Elezioni 4 marzo: il tuo voto, la tua scelta



voto 2018

Come esercitare il nostro diritto alle elezioni di domani

Ci siamo, mancano poche ore all’election day. Come sancito dall’art. 48 della Costituzione italiana: “il voto è personale ed eguale, libero e segreto. Il suo esercizio è dovere civico“. Parole che dobbiamo ben tenere in mente in occasione delle elezioni di domani. Il nostro voto è un diritto fondamentale ed è per questo che è importante essere tutti presenti ad esercitarlo. Ma come si vota?

Ci sarà data una scheda elettorale che è divisa in rettangoli: in quello superiore è indicato il nome del candidato nel collegio uninominale di appartenenza, sotto ci sono tanti riquadri quanti sono i partiti che sostengono quel candidato.
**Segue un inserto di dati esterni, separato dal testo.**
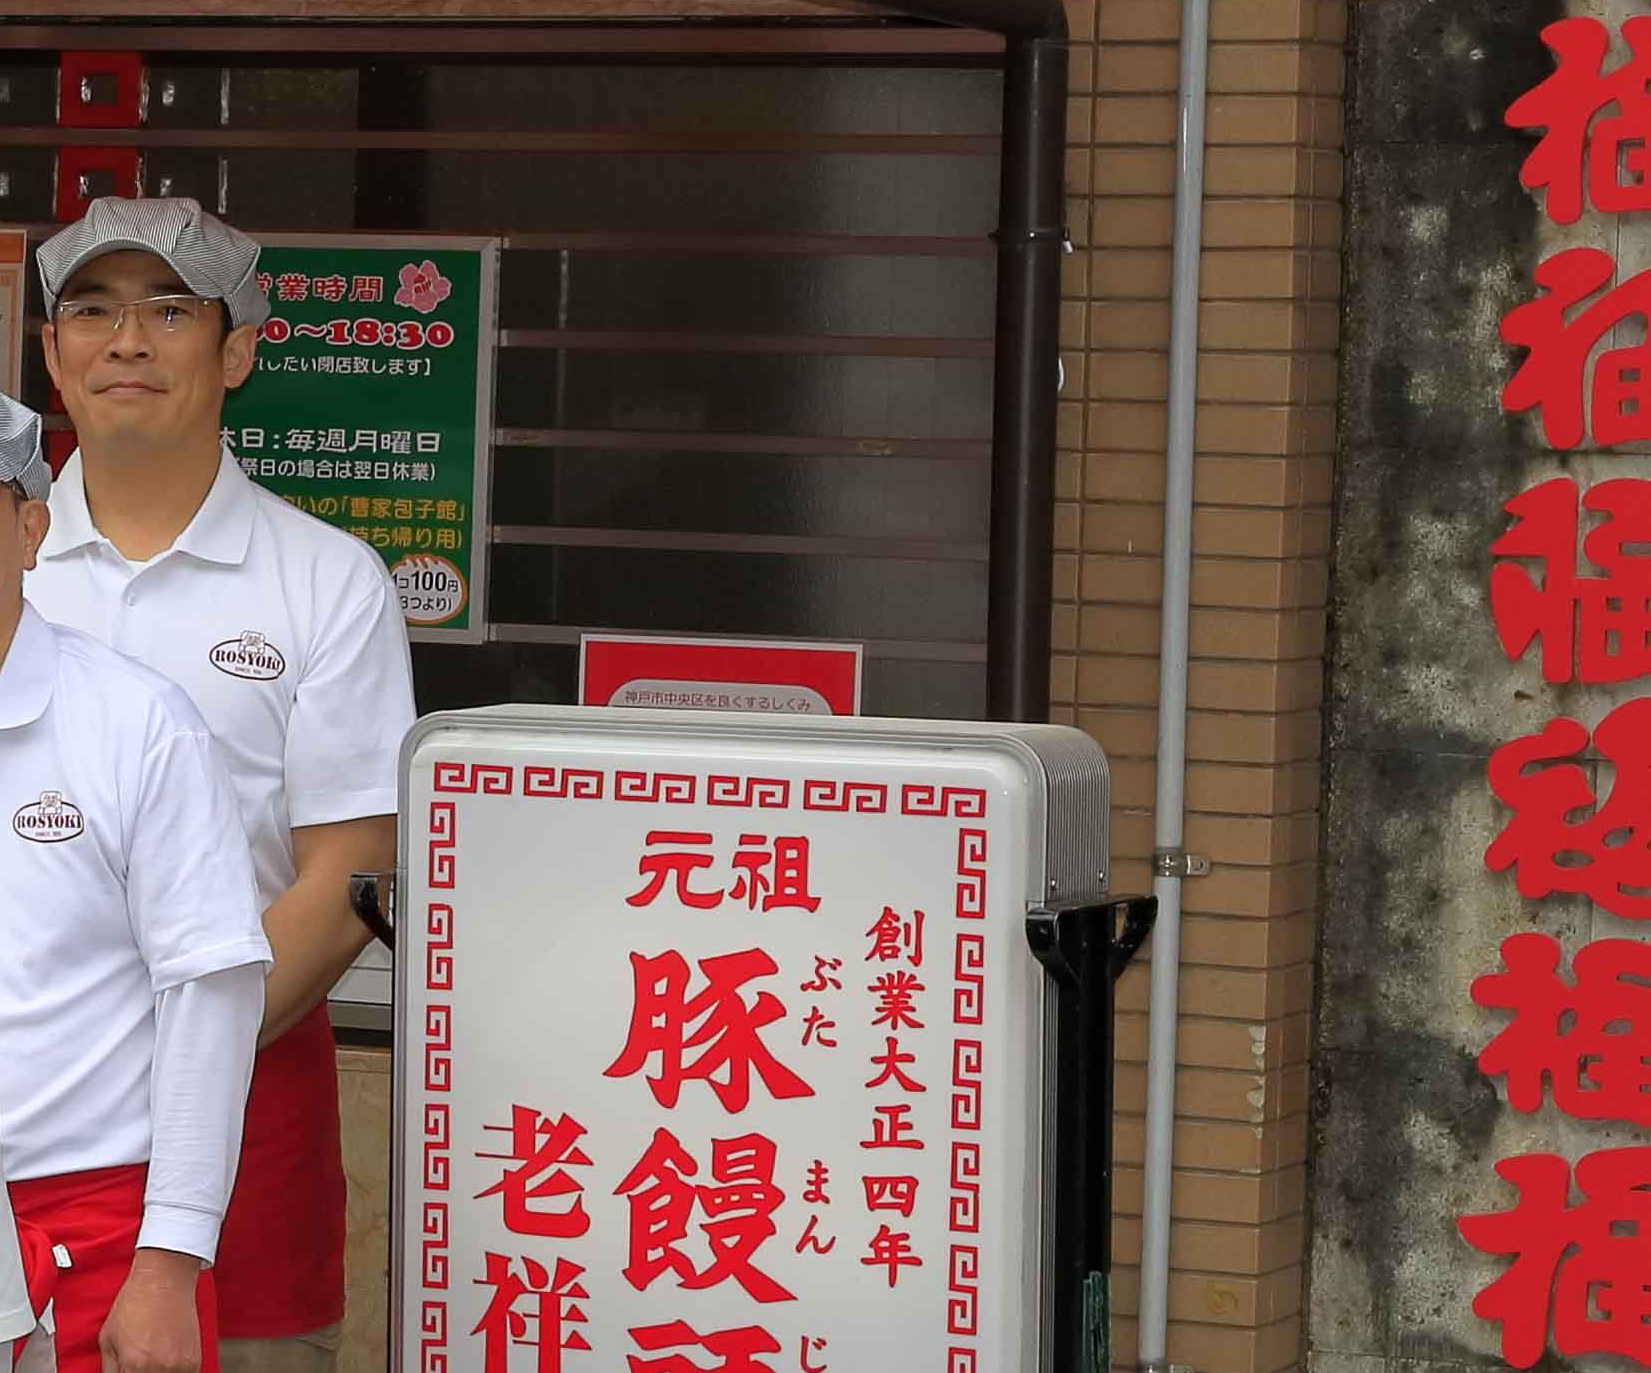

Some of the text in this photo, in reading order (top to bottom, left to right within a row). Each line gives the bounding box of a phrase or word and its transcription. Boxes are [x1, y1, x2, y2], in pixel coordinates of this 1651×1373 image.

A fianco di ciascun simbolo di partito è riportata una mini lista con il listino dei candidati che corrono per i seggi assegnati con il metodo proporzionale, votando la lista si voteranno automaticamente tutti i candidati indicati accanto.

Ad ogni elettore, come ha comunicato il Viminale, saranno consegnate due schede: una di colore rosa per la Camera e una di colore gialla per il Senato. Per il Senato possono votare solo i cittadini che hanno compiuto 25 anni, mentre per la Camera basta essere maggiorenni.
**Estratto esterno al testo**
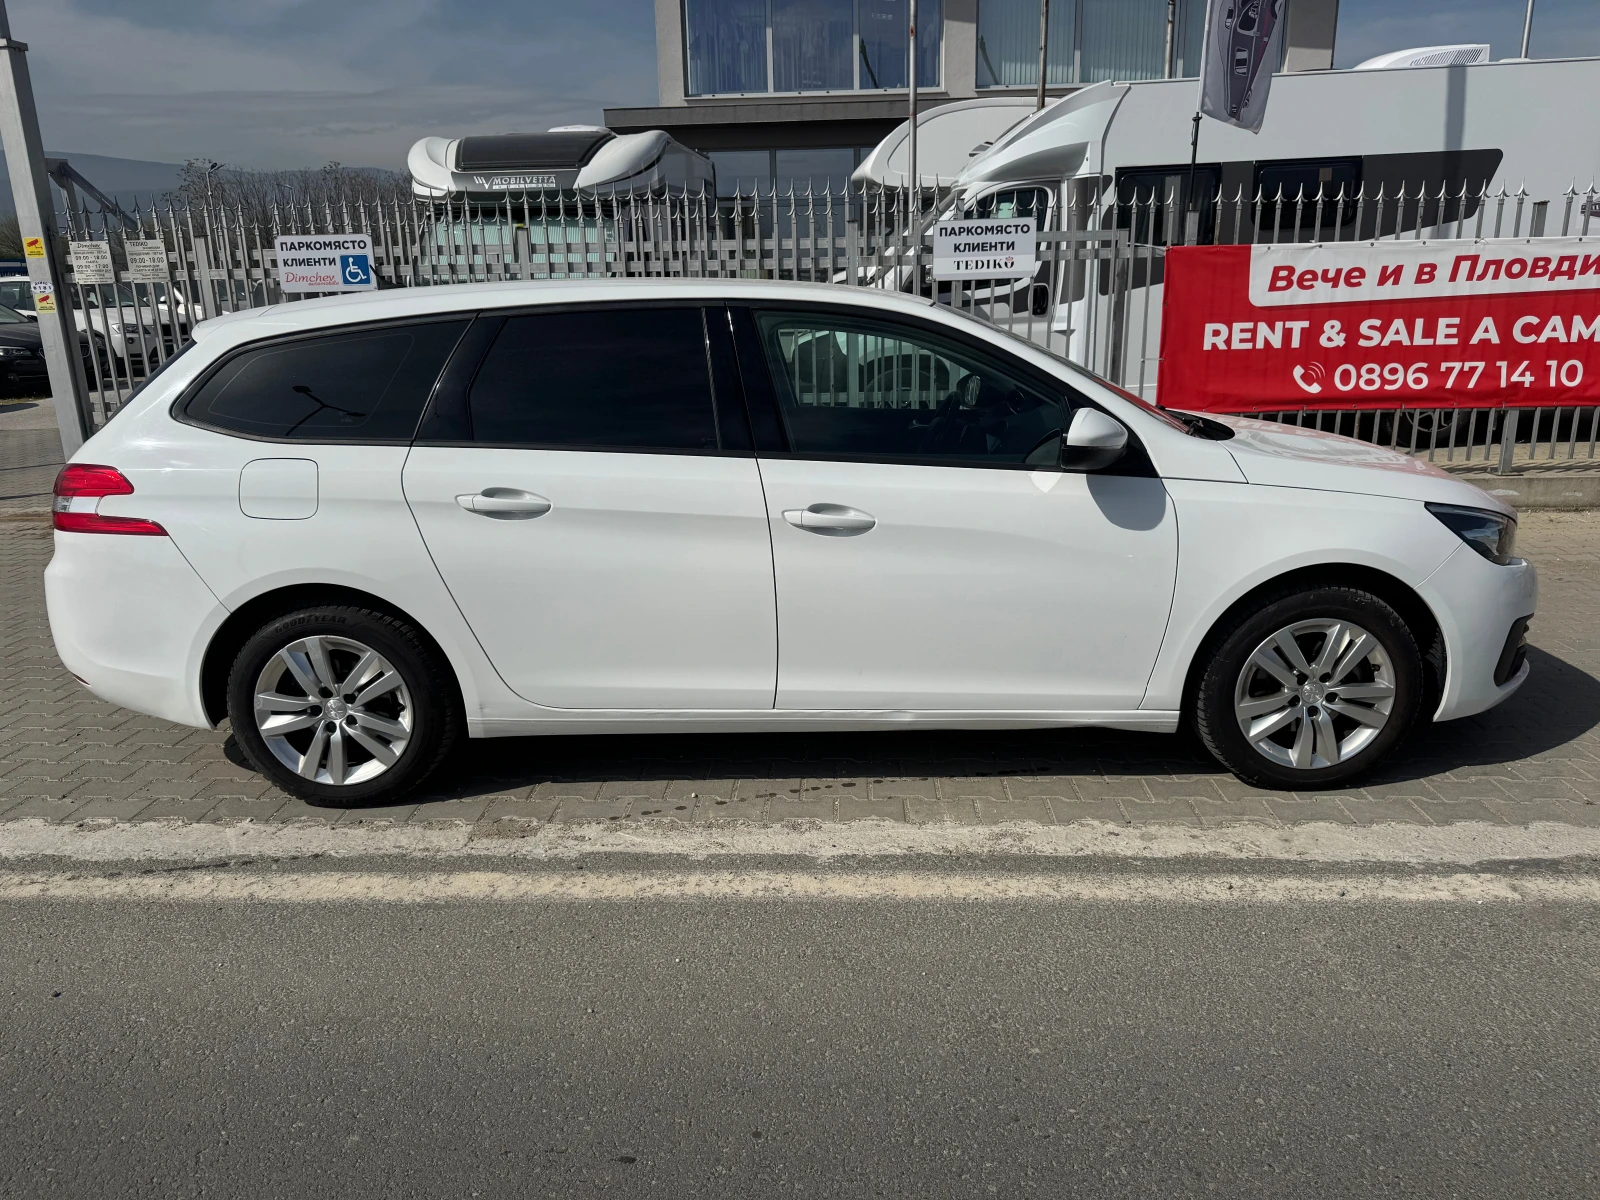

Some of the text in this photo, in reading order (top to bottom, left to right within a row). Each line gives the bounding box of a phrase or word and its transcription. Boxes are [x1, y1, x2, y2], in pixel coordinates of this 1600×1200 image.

[493, 176, 556, 185] MOBILVETTA
[939, 224, 1031, 237] ПАРКОМЯСТО
[280, 239, 367, 252] ПАРКОМЯСТО
[953, 241, 1015, 253] КЛИЕНТИ
[283, 257, 337, 267] КЛИЕНТИ
[953, 257, 1015, 270] TEDIKO
[285, 272, 335, 283] Dimchev
[1267, 265, 1367, 292] Вече
[1377, 264, 1405, 286] и
[1414, 263, 1438, 284] в
[1203, 314, 1600, 350] RENT & SALE A CAM
[1334, 359, 1584, 391] 0896 77 14 10
[275, 614, 348, 634] GOODYEAR
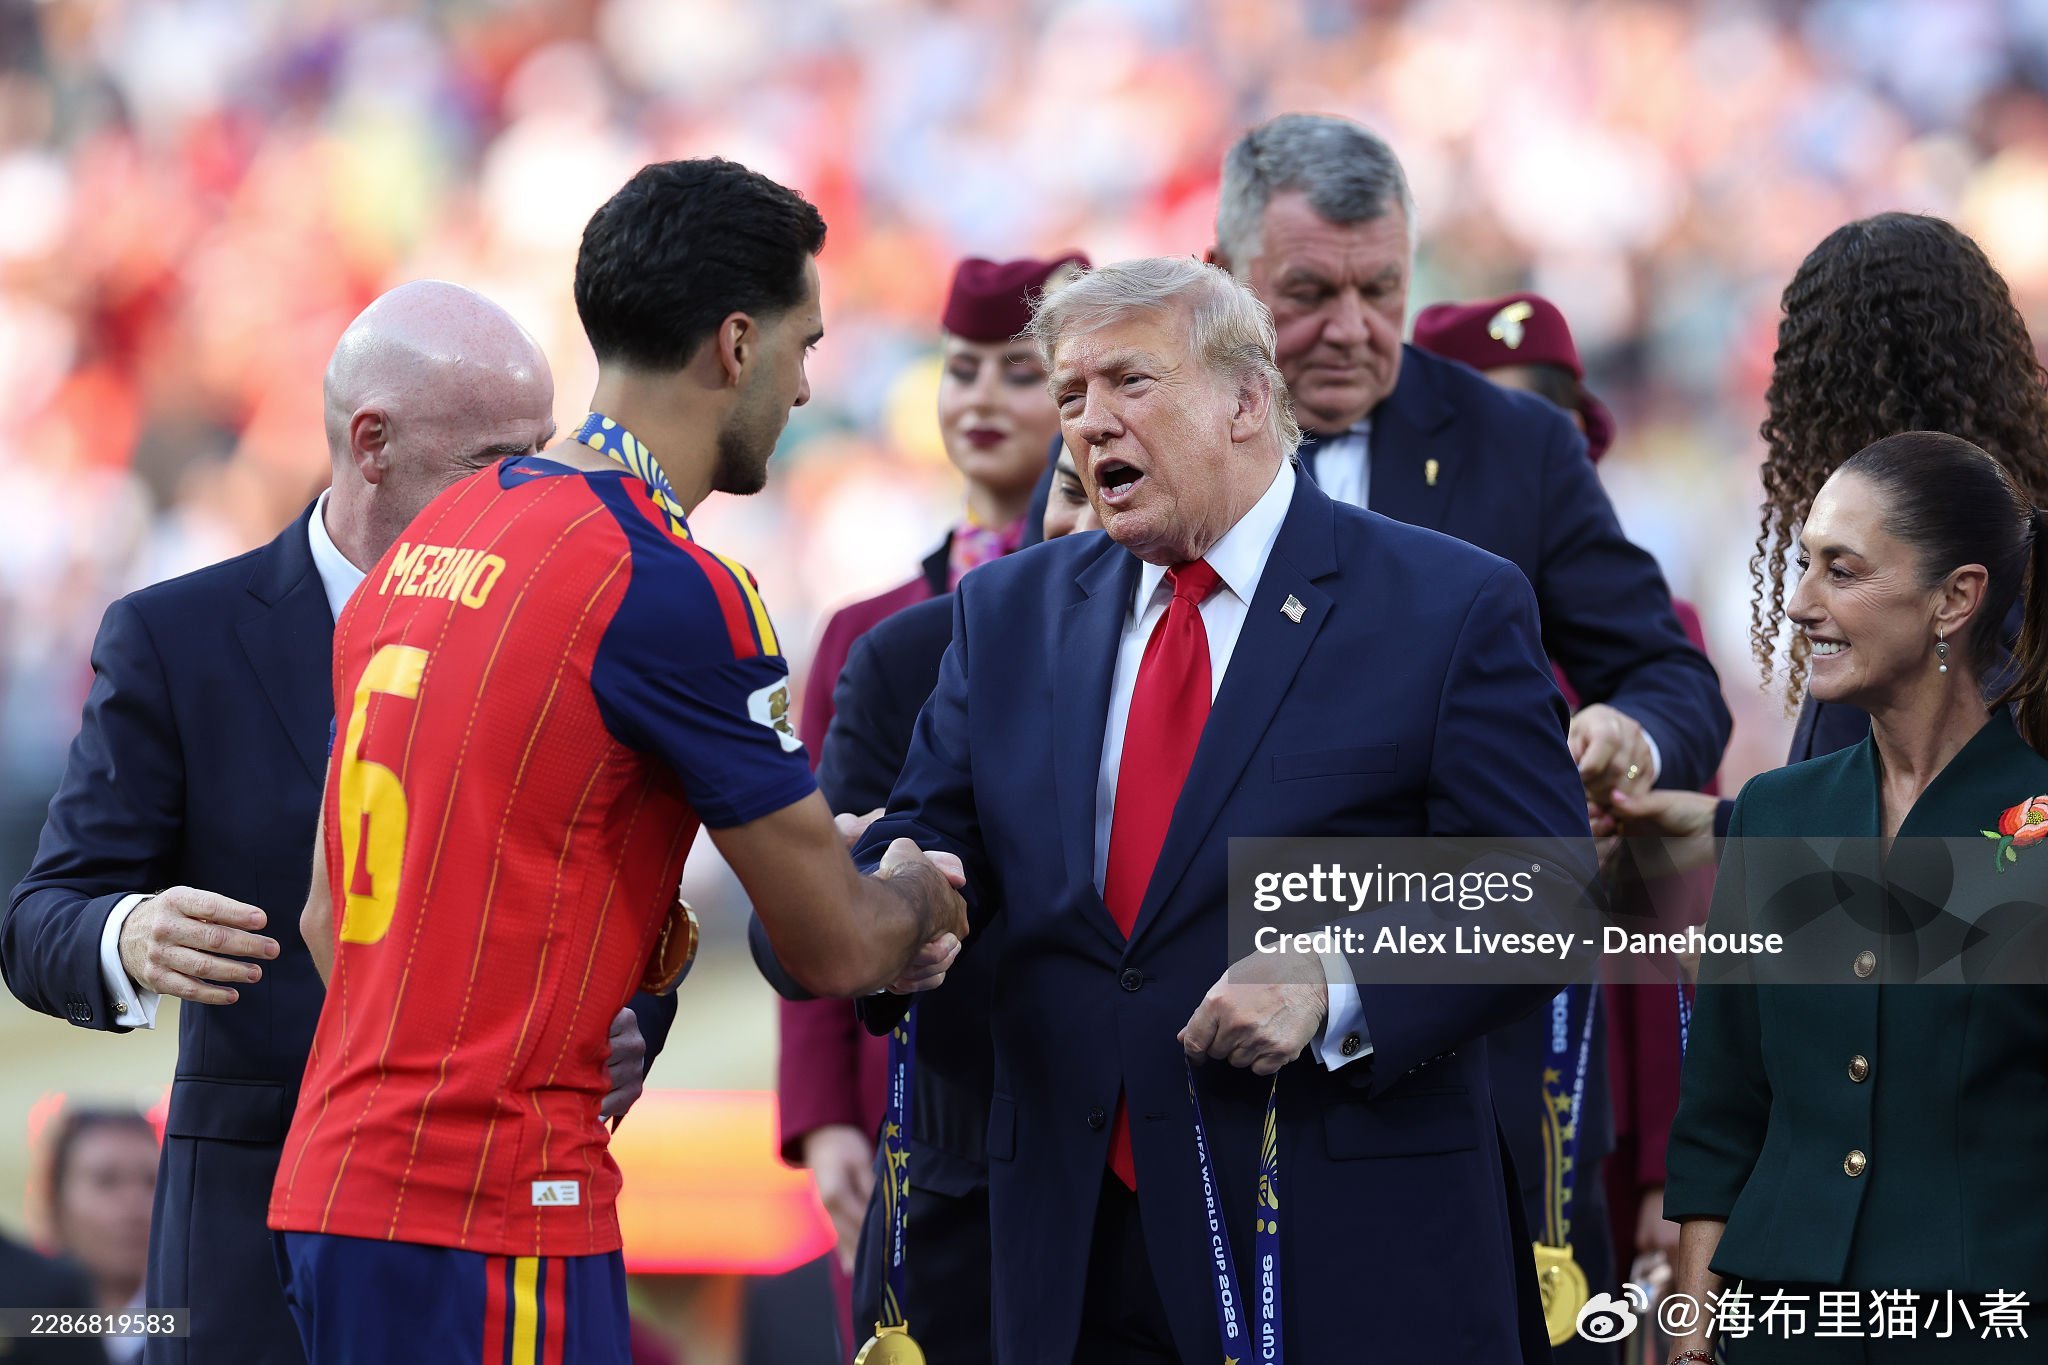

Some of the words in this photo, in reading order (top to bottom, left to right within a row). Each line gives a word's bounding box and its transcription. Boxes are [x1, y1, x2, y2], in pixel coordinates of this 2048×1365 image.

[378, 542, 506, 610] MERINO
[339, 644, 430, 945] 6
[1552, 991, 1568, 1053] 2026
[1195, 1125, 1206, 1164] FIFA
[1201, 1165, 1219, 1232] WORLD
[1212, 1234, 1227, 1271] CUP
[1218, 1274, 1239, 1339] 2026
[1262, 1254, 1274, 1320] 2026
[1262, 1322, 1275, 1360] CUP
Modalità 1: l’elettore può tracciare una croce nel rettangolo sopra in cui è riportato il nome del candidato all’uninominale – maggioritario. In questo caso il voto va allo stesso candidato dell’uninominale e alla lista che lo sostiene.
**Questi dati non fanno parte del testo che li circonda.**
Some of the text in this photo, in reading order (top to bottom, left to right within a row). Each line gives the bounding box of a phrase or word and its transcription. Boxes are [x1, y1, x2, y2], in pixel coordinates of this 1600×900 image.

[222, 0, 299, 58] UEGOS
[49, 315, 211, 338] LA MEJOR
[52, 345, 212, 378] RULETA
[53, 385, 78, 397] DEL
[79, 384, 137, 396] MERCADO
Modalità 2: voto alla lista. Facendo una X solo sul simbolo di una lista il voto va al partito e anche al candidato uninominale che questo appoggia.

Modalità 3: l’elettore può tracciare una croce sia sul rettangolo del candidato uninominale che sul simbolo di uno dei partiti della coalizione che lo sostiene. In questo caso il voto va ad entrambi (sia al candidato che alla lista scelta nel proporzionale).

Il voto sarà NULLO se esprime una scelta per il candidato al collegio uninominale e una lista diversa per il collegio plurinominale. In generale, sarà nulla anche se l’indicazione del voto è contraddittoria e non chiara o riporta un qualsiasi segno di riconoscimento.

Domani andranno al voto anche per le regionali il Lazio e la Lombardia, lo rende noto il ministero dell’Interno. Le elezioni quindi si terranno nella medesima data delle votazioni per la Camera dei Deputati e del Senato della Repubblica.